I like Salonen/LA Philharmonic on Sony. :)

not edward

Quote from: Mirror Image on February 27, 2014, 05:55:23 AM
I like Salonen/LA Philharmonic on Sony. :)
I think I would tend to agree here. The composer's own recording is also strong, but Salonen's orchestral playing is IMO superior. I don't think the Naxos Wit or the Gardner are on the same level. An interestingly slower alternative view of the work is offered by Kofman on cpo--I don't think it's entirely successful but it's a big contrast to other readings, and is interestingly paired with the only reading of the 2nd to completely convince me of the work's merits.

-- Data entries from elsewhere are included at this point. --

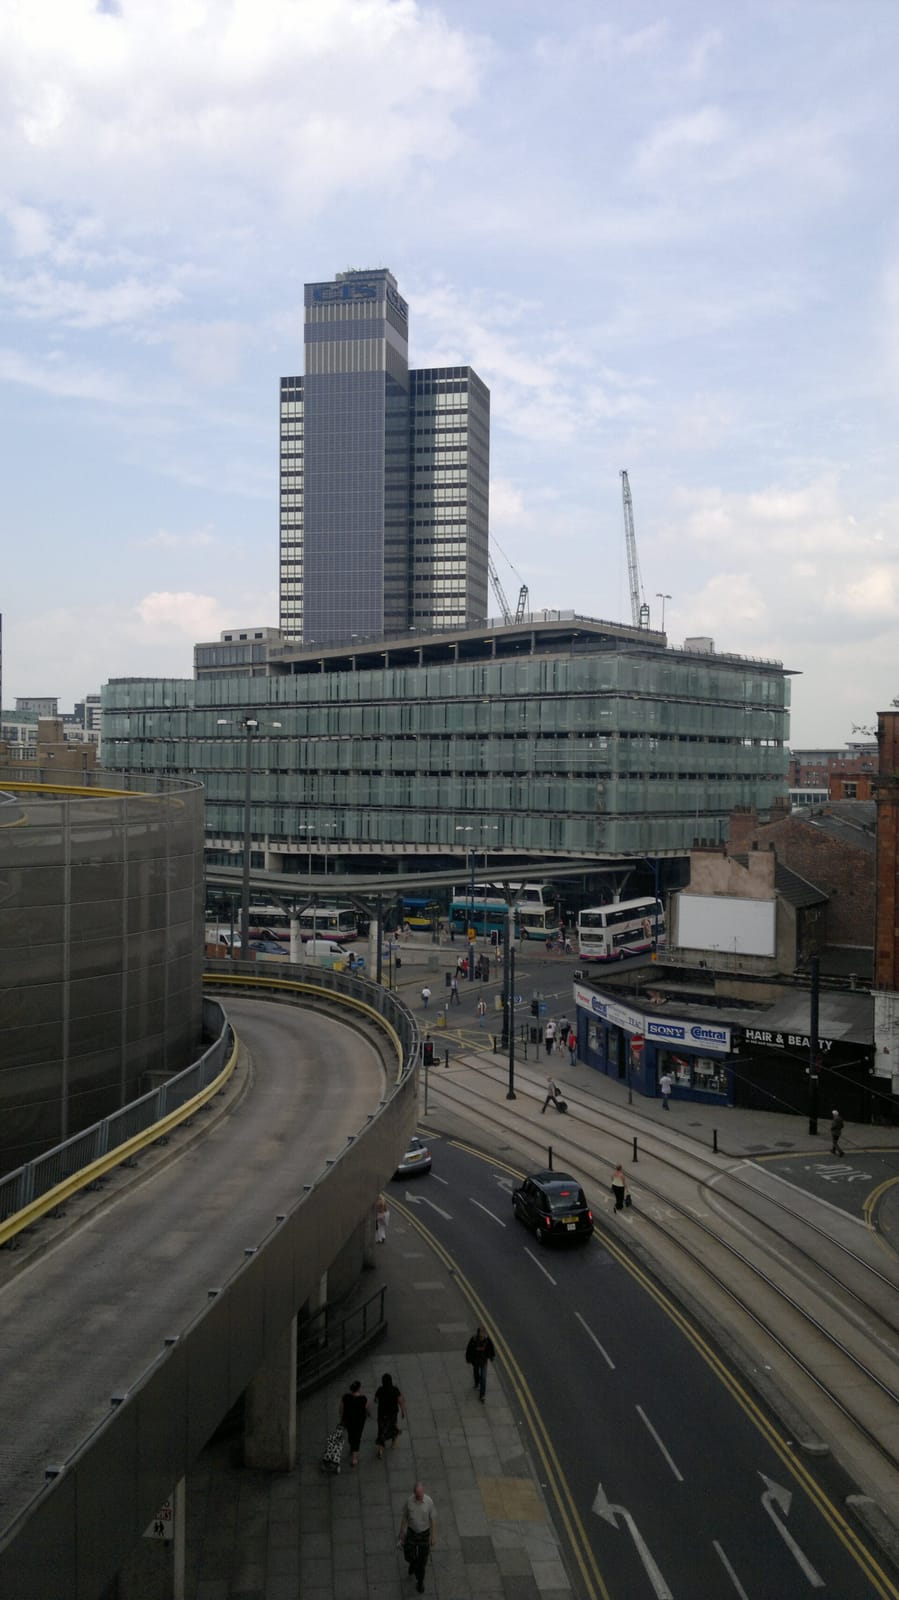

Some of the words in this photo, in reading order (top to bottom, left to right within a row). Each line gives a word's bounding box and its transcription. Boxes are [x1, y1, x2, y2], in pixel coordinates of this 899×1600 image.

[649, 1025, 683, 1037] SONY
[690, 1025, 726, 1040] Central
[745, 1029, 773, 1042] HAIR
[776, 1033, 785, 1044] &
[788, 1035, 833, 1050] BEATY
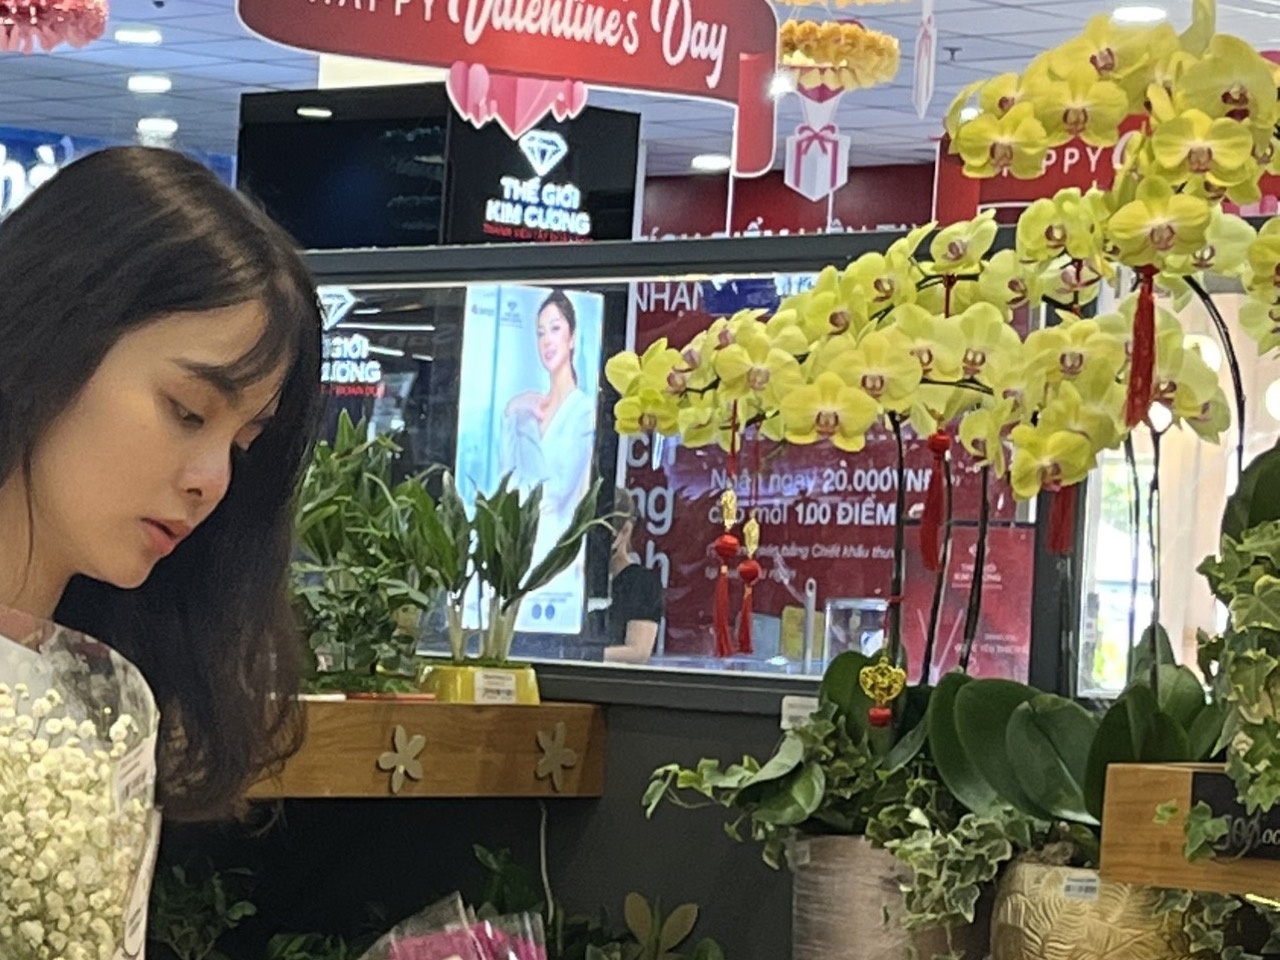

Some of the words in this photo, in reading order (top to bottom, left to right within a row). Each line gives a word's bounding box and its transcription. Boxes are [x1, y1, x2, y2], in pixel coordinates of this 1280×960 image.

[448, 0, 640, 55] Valentines
[650, 0, 728, 89] Day
[822, 467, 931, 492] 20.000VN
[708, 506, 745, 524] co
[795, 502, 831, 525] 100
[836, 494, 897, 526] ĐIỂM
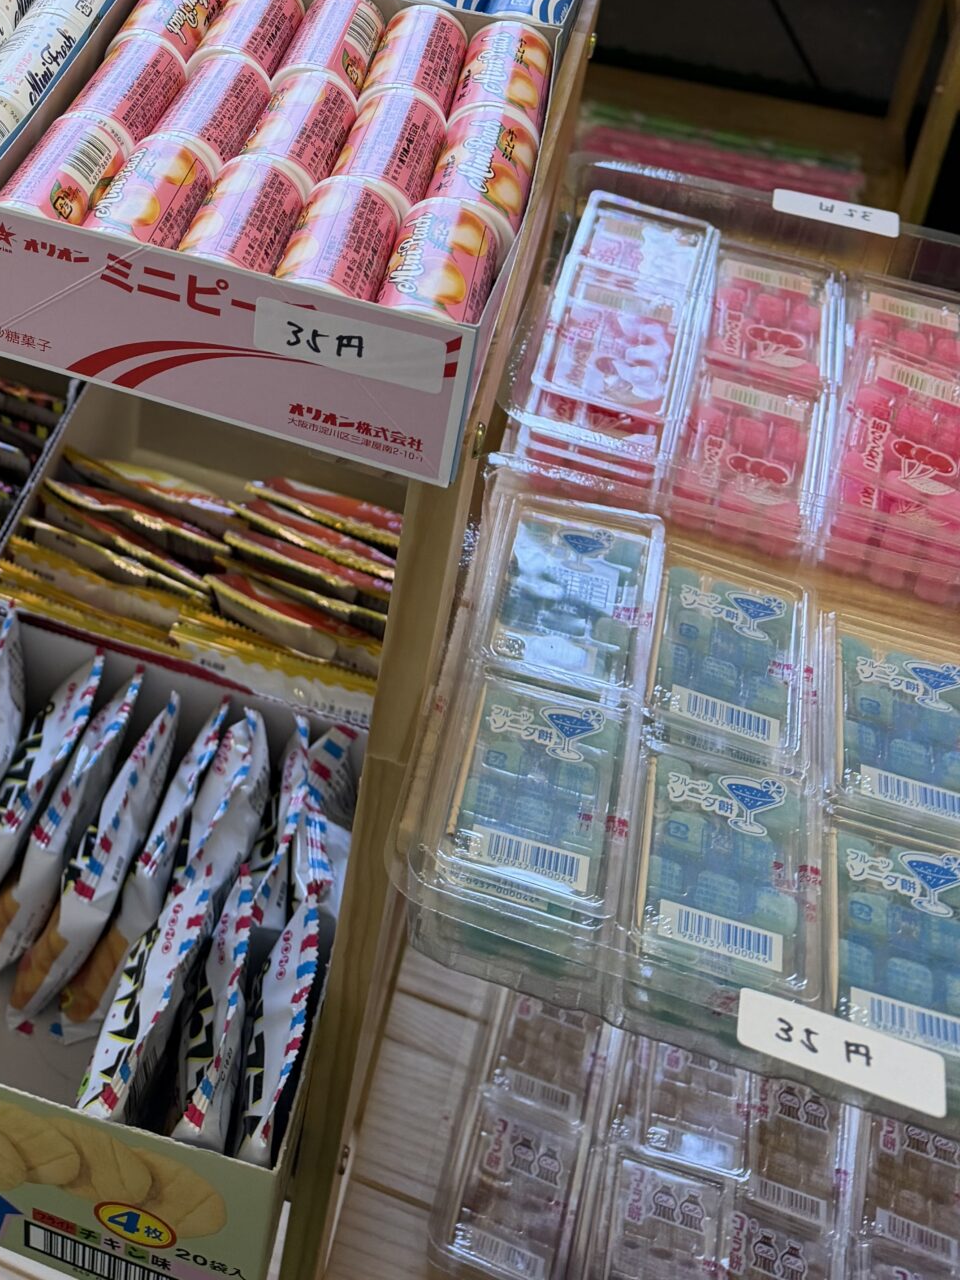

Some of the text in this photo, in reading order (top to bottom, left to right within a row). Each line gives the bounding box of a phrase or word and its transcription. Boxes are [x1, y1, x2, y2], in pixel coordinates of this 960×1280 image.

[39, 27, 78, 68] Fresh
[24, 238, 90, 264] オリオン
[100, 252, 319, 318] ミニピー
[286, 320, 365, 360] 35円
[288, 402, 425, 453] オリオン株式会社
[680, 594, 742, 623] ソーダ餅
[681, 585, 721, 602] フルーツ
[491, 717, 554, 743] ソーダ餅
[493, 706, 533, 722] フルーツ
[668, 773, 712, 791] フルーツ
[667, 783, 736, 817] ソーダ餅
[846, 849, 891, 868] フルーツ
[846, 862, 917, 894] ソーダ餅
[681, 930, 770, 964] 980937 000044
[774, 1017, 874, 1067] 35円
[106, 1210, 165, 1242] 4枚
[174, 1247, 247, 1280] 20袋入

(FWIW, my 3rd of choice is BPO/Lutoslawski. The composer may have compared it unfavourably with Salonen's recording, but I think he was being overly self-critical here.)
"I don't at all mind actively disliking a piece of contemporary music, but in order to feel happy about it I must consciously understand why I dislike it. Otherwise it remains in my mind as unfinished business."
-- Aaron Copland, The Pleasures of Music

lescamil

Salonen with Lutoslawski has not been beat in any recordings I have heard, and that goes for just about everything purely orchestral. Some of the solo works such as the Piano Concerto and Les Espaces du Sommeil have better recordings with their respective soloists.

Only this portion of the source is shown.